What Does Creativity Mean To You: The IPA Director

Patrick Mills is Director of Membership and Professional Development at the IPA which sets the protocols for the UK industry’s best practice standards, provides ground-breaking thought leadership and helps members’ careers flourish.Photo of Patrick Mills, Director of Membership and Professional Development at the IPA

CG: IPA stands for Institute of Practitioners in Advertising … in other words, the creative industry. How do you think the meaning and value of creativity has changed over the years?
PM: Advertising has changed immeasurably in the last 13 or so years. Media opportunities have multiplied at the rate of knots, bringing the need for different creative skills to communicate with people effectively.

The shift in advertising spend to digital media, because of the immediate return, has fuelled the very short term approach to advertising; the majority of the spend is around activation, selling and getting clicks. As such, building brands using longer term, emotionally engaging creative work is on the wane – despite effectiveness case studies showing that a balance of brand building to tactical, promotional work at around 60:40 is the optimum way to grow brands.

This has had an effect on the quality and type of advertising you see nowadays. There’s still a lot of excellent work by agencies, but the high volumes of work seen online detract from that.

CG: How easy is it to define, promote, maintain and measure best practice standards for such a fast-changing industry?
PM: We try very hard. The IPA Effectiveness Awards have been going for over 30 years, and is still the pinnacle award for agencies as far as clients are concerned. We get entries from all over the world, and the quality of the work and results achieved are always exemplary.

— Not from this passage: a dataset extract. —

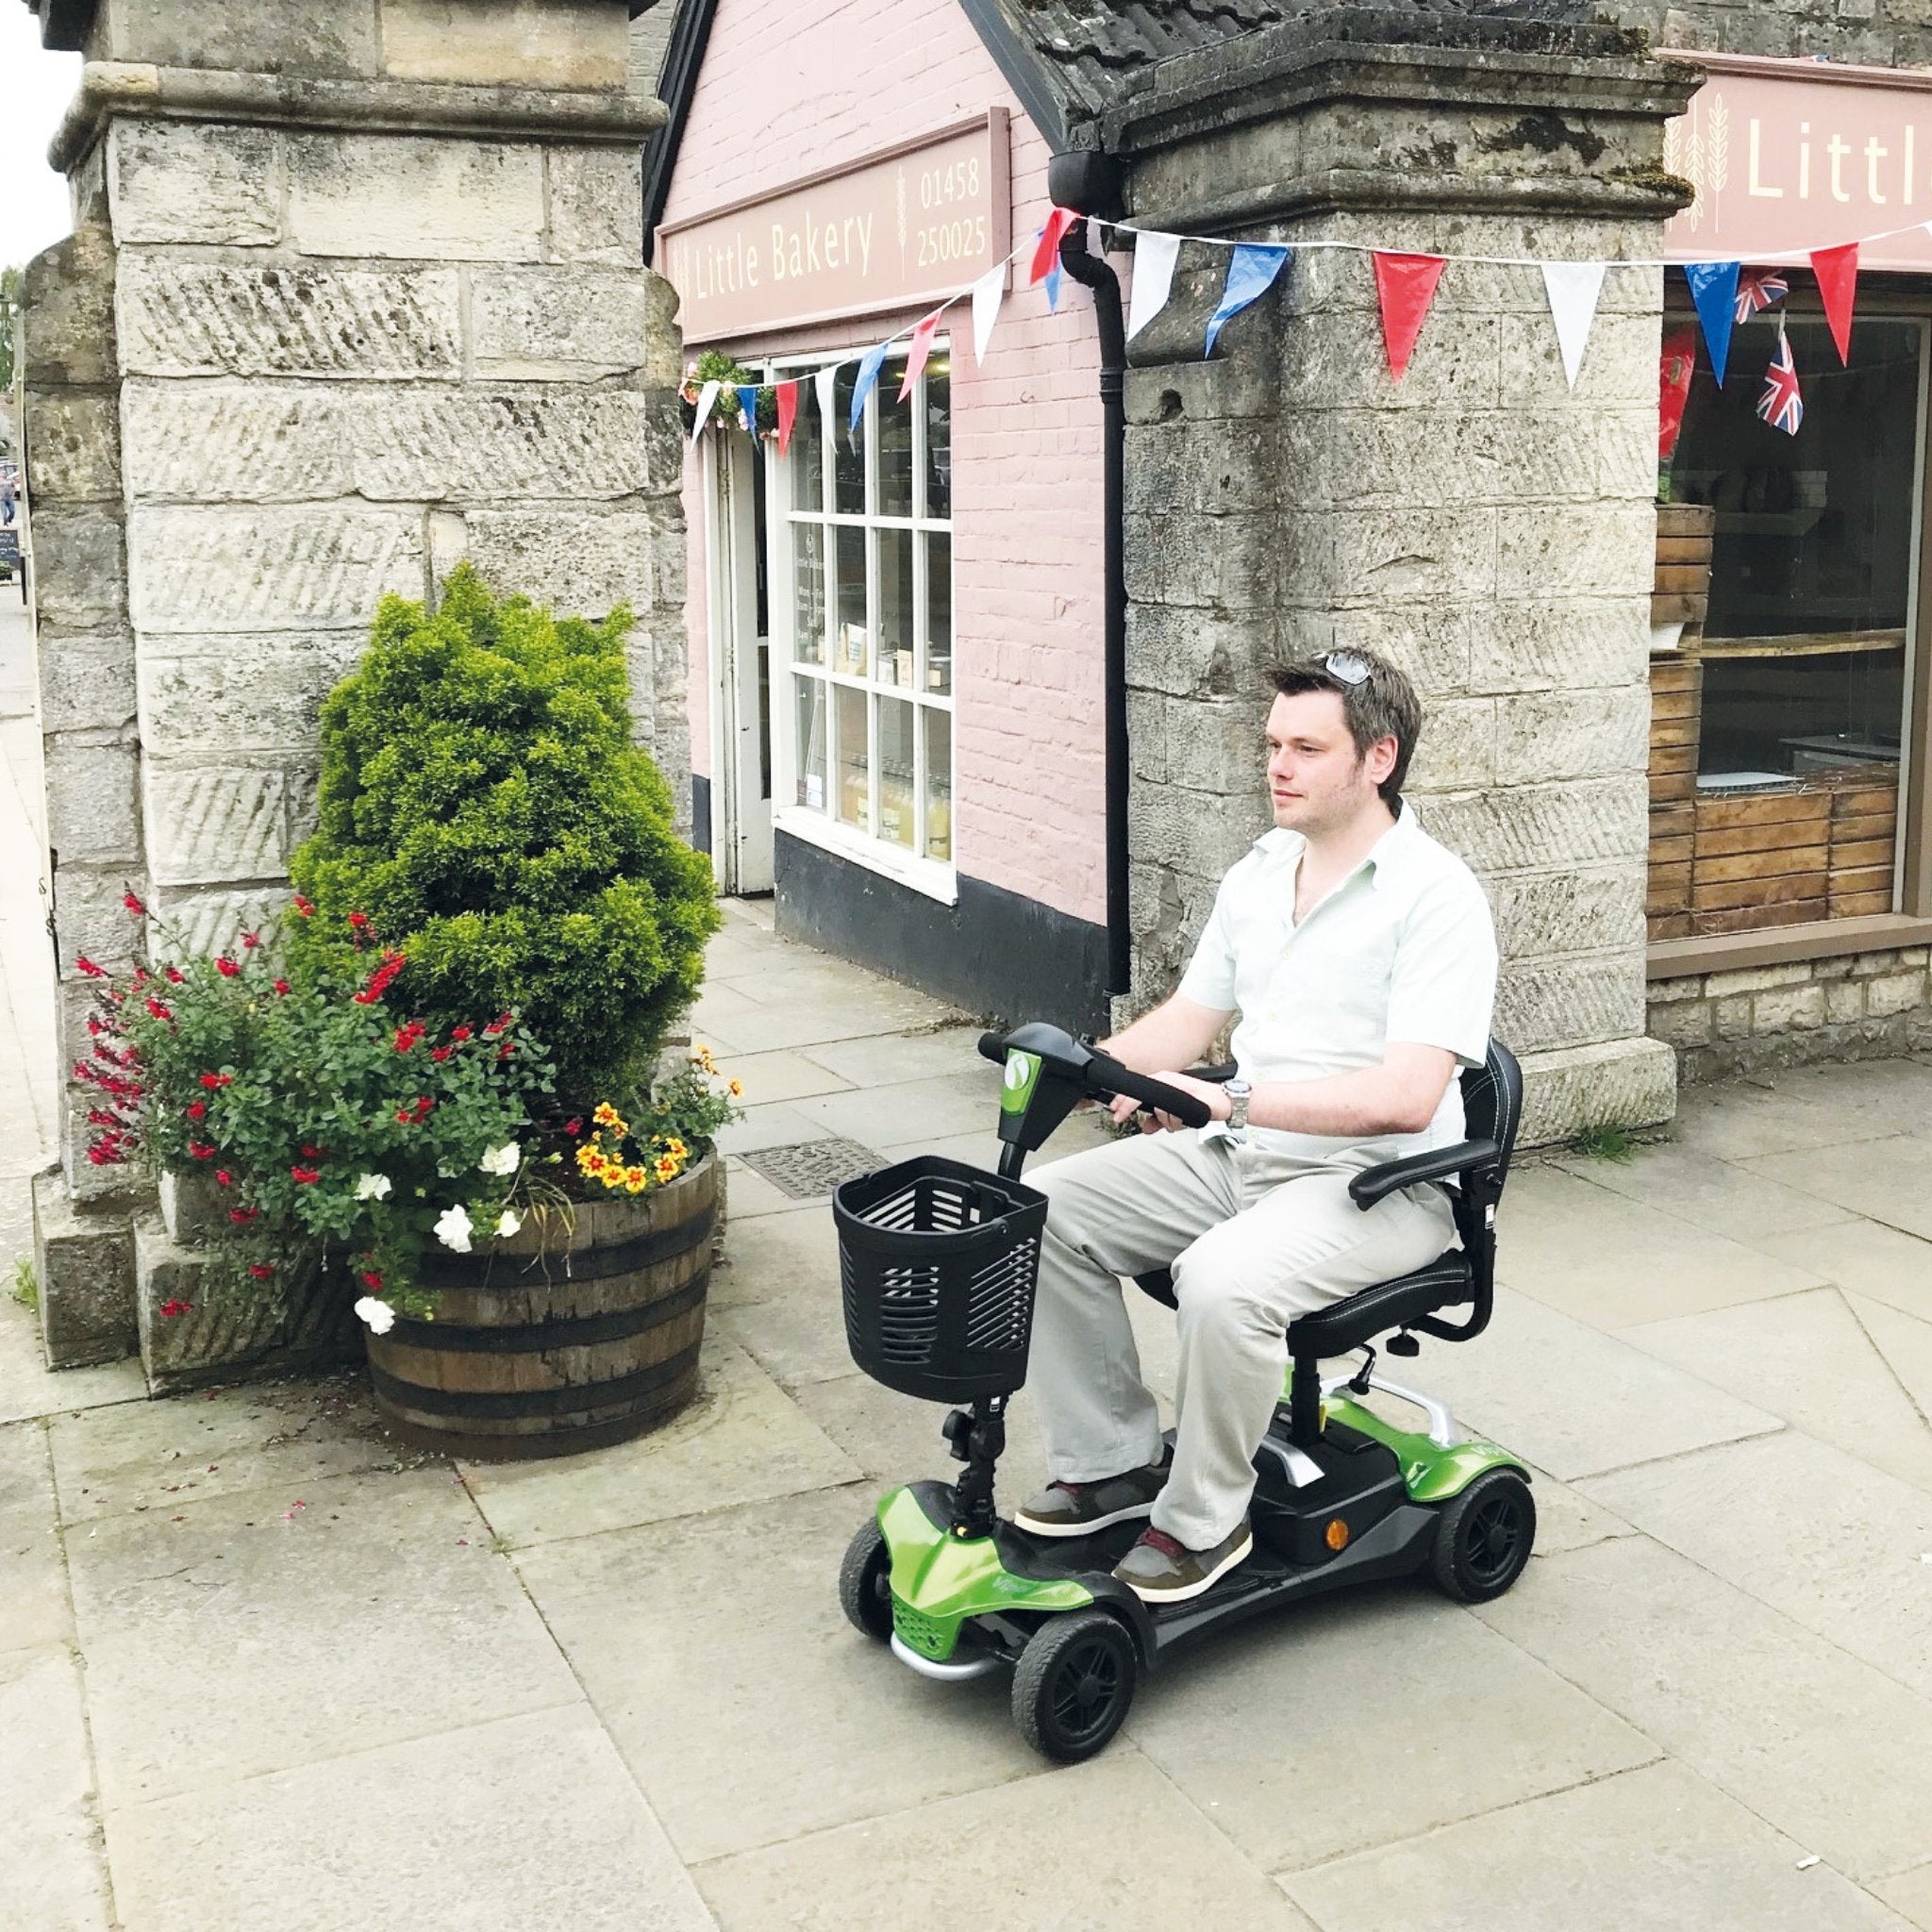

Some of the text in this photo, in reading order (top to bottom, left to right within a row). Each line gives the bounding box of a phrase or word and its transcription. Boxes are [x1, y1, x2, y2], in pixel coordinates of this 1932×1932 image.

[921, 158, 979, 209] 01458
[1748, 118, 1932, 206] Littl
[695, 211, 873, 299] Little Bakery
[917, 216, 985, 266] 250025

However, the awards are tough to enter and some agencies simply don’t have the time or resource but still have effectiveness at the heart of their work which they want to demonstrate. So, we’ve just launched the IPA Effectiveness Accreditation programme to help these agencies gain a competitive advantage with clients and prospects.

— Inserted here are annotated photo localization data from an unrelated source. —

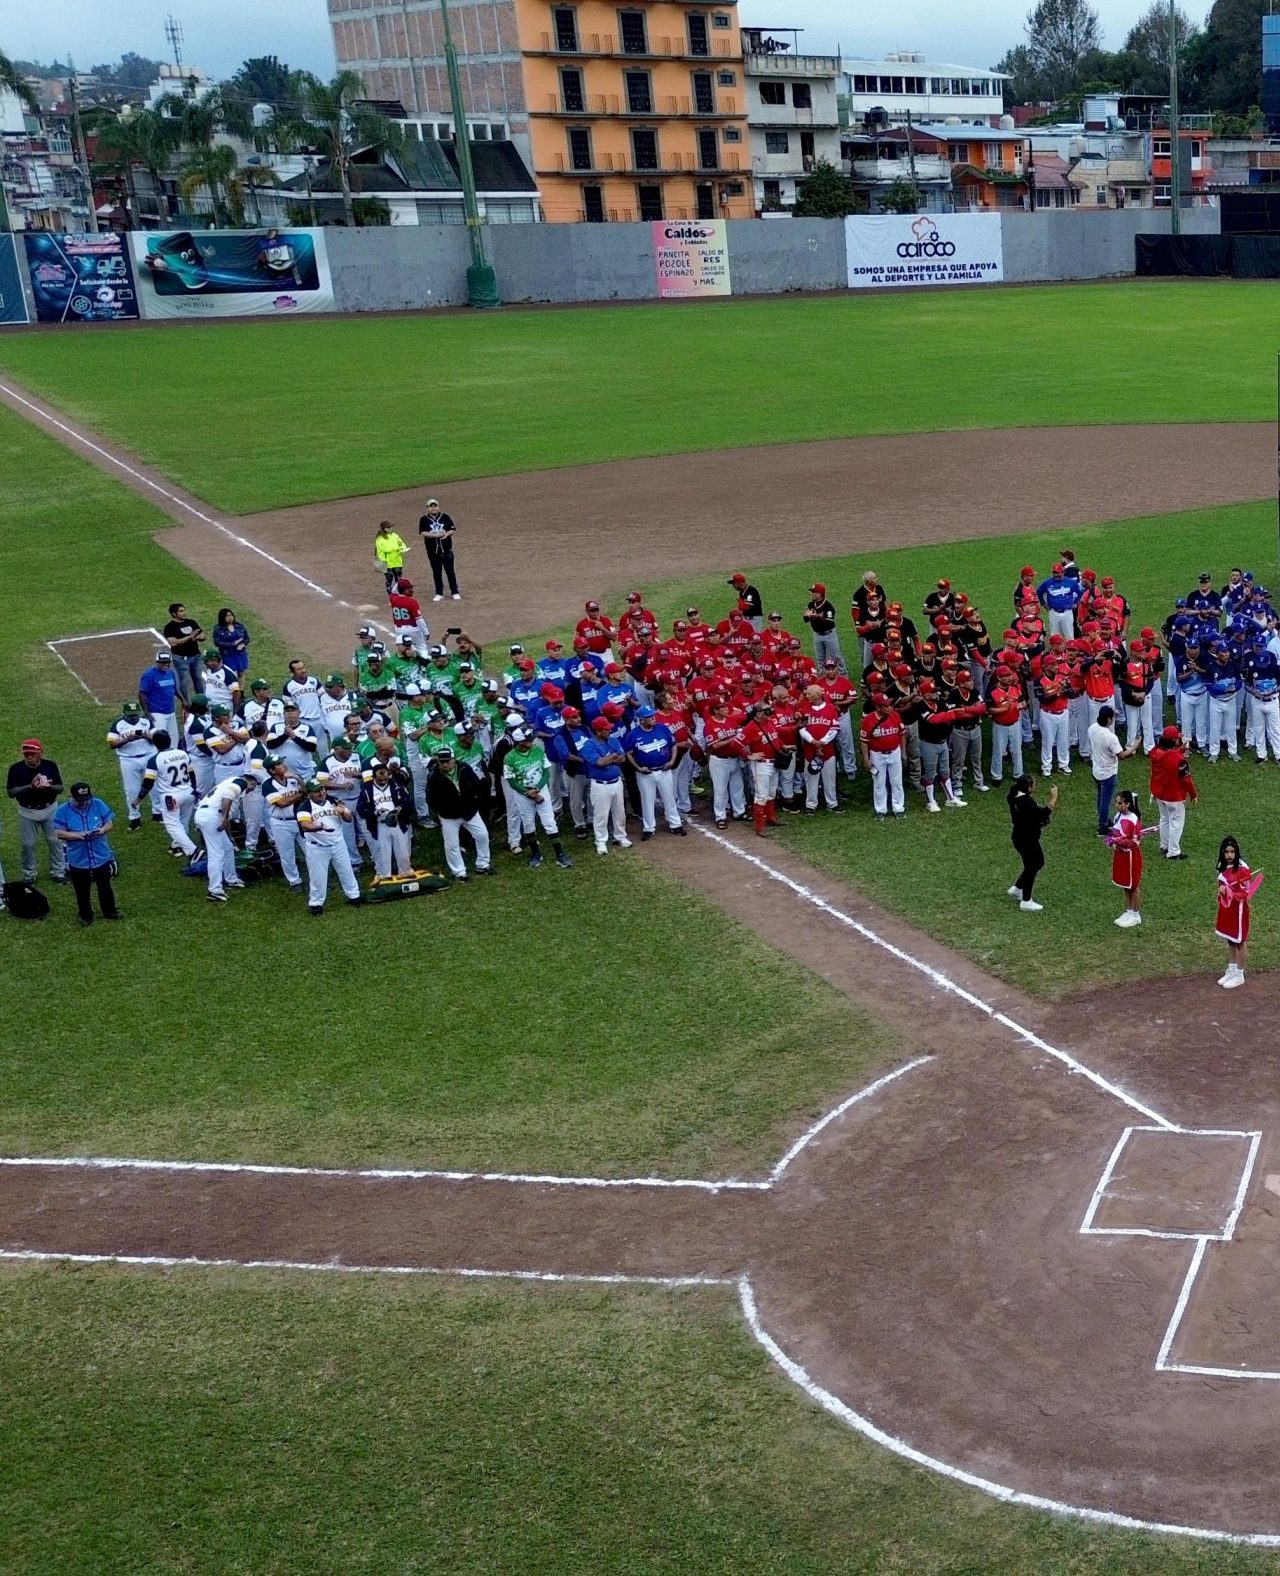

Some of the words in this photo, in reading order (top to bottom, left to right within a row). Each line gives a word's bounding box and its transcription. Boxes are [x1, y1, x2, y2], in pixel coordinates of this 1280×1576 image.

[665, 228, 706, 239] Caldos
[660, 260, 691, 268] POZOLE
[854, 267, 885, 275] SOMOS
[887, 266, 905, 274] UNA
[907, 264, 948, 273] EMPRESA
[950, 263, 967, 271] QUE
[967, 262, 998, 271] APOYA
[661, 269, 694, 277] ESPINAZO
[871, 275, 883, 283] AL
[885, 273, 925, 282] DEPORTE
[927, 273, 933, 281] Y
[935, 272, 946, 280] LA
[948, 271, 983, 280] FAMILIA
[393, 607, 410, 620] 96
[325, 704, 351, 714] YUCATA
[167, 762, 190, 788] 23

The IPA is the treasure chest of knowledge in the industry and promotes the proper way of doing things.

CG: Everything is now so measured by data: do big data and granular media foster or hamper creativity?
PM: Building brands seems to be less important today and emotional messaging has been overrun by logical ways to sell products. You can run an algorithm, create a whole load of ads, measure their effect real-time, adapt the messages and go again. Micro-targeting and search-led marketing have closed down creativity quite a lot and there’s more pressure to deliver financial results.

In my mind, it’s very difficult to produce high quality creative work in this kind of environment where quick turnaround and cost are as important as the messaging.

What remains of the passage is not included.